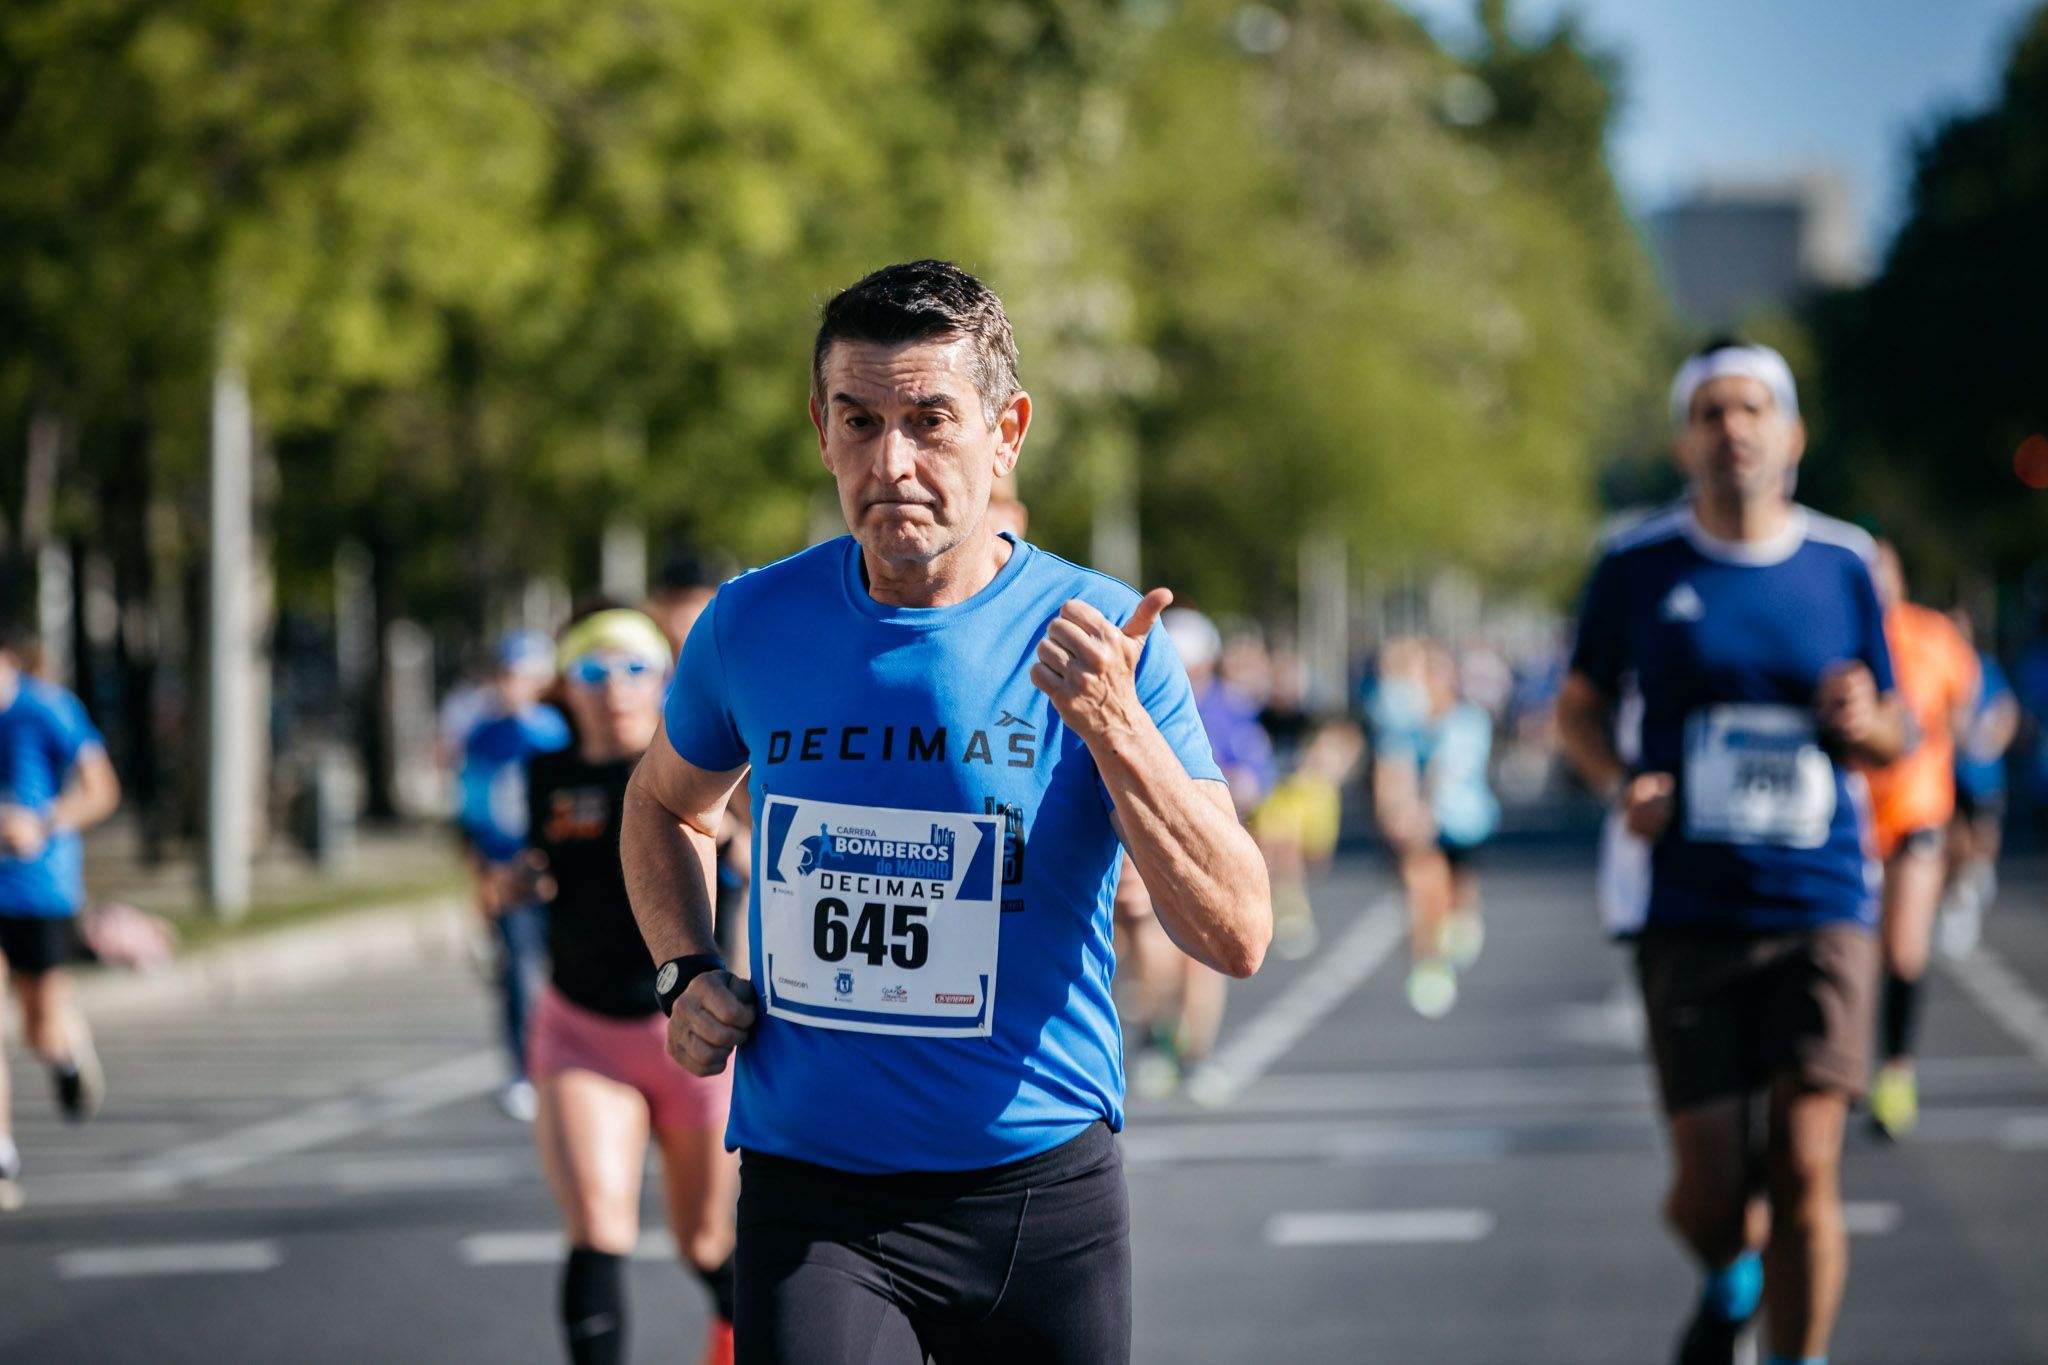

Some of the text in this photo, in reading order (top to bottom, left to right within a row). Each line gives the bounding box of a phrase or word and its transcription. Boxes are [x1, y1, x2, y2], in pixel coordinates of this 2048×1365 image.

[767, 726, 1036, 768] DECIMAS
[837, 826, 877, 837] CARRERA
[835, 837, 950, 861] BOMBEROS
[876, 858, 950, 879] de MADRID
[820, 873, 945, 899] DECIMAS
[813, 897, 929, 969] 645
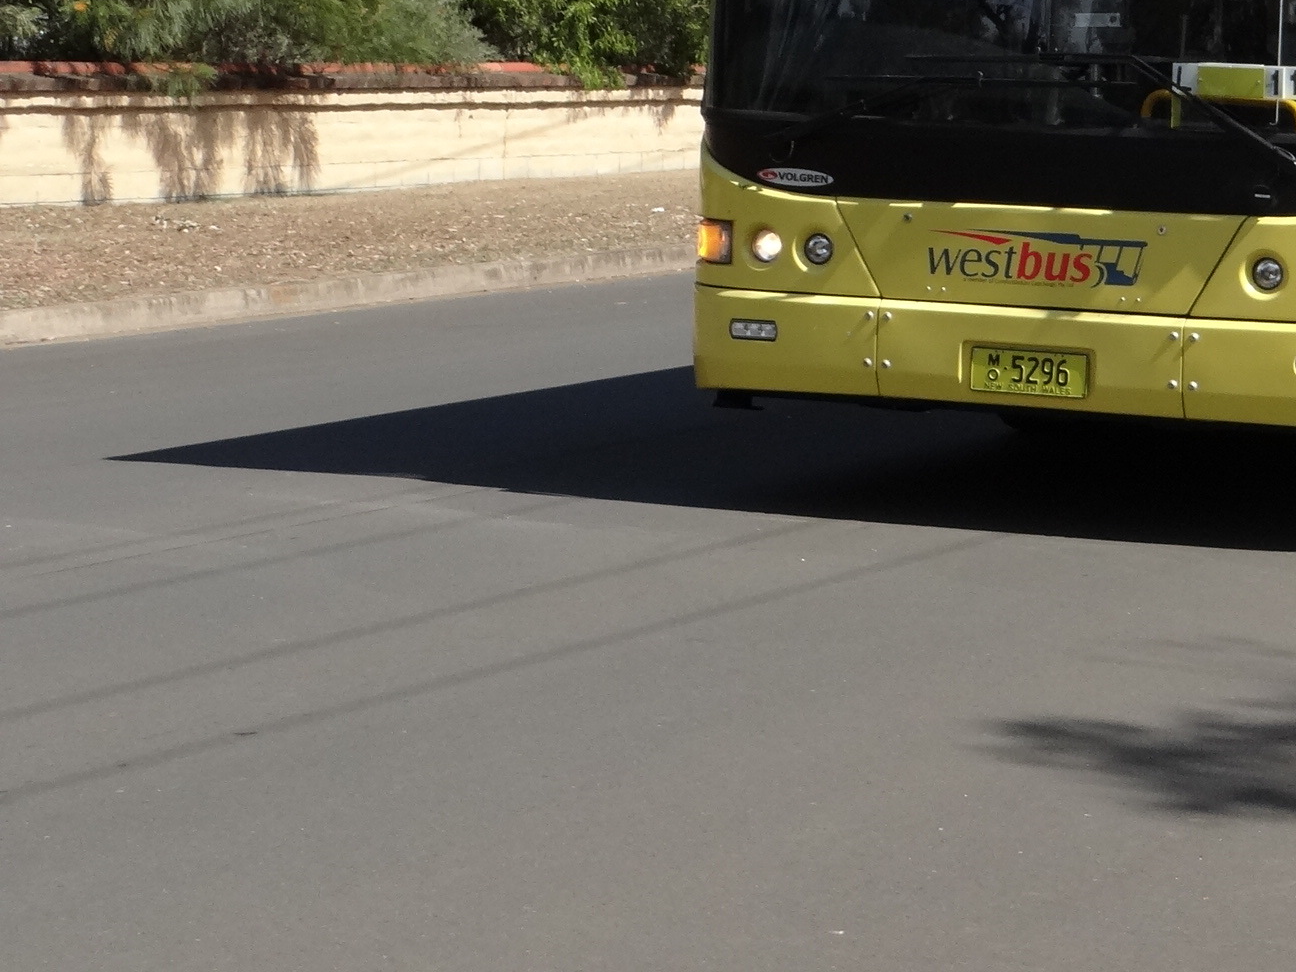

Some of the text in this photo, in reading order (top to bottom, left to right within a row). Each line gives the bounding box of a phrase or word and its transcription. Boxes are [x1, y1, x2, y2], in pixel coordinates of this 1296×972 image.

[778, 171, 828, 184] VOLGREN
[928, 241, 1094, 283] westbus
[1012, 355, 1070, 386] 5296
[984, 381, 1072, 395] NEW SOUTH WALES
◇ ◇ ◇ ◇ ◇
**Exercise**
Print every line from the one that contains "this 1296×972 image." to the end of the records, exactly as written, and nothing more.

**Expected output**
Some of the text in this photo, in reading order (top to bottom, left to right within a row). Each line gives the bounding box of a phrase or word and its transcription. Boxes are [x1, y1, x2, y2], in pixel coordinates of this 1296×972 image.

[778, 171, 828, 184] VOLGREN
[928, 241, 1094, 283] westbus
[1012, 355, 1070, 386] 5296
[984, 381, 1072, 395] NEW SOUTH WALES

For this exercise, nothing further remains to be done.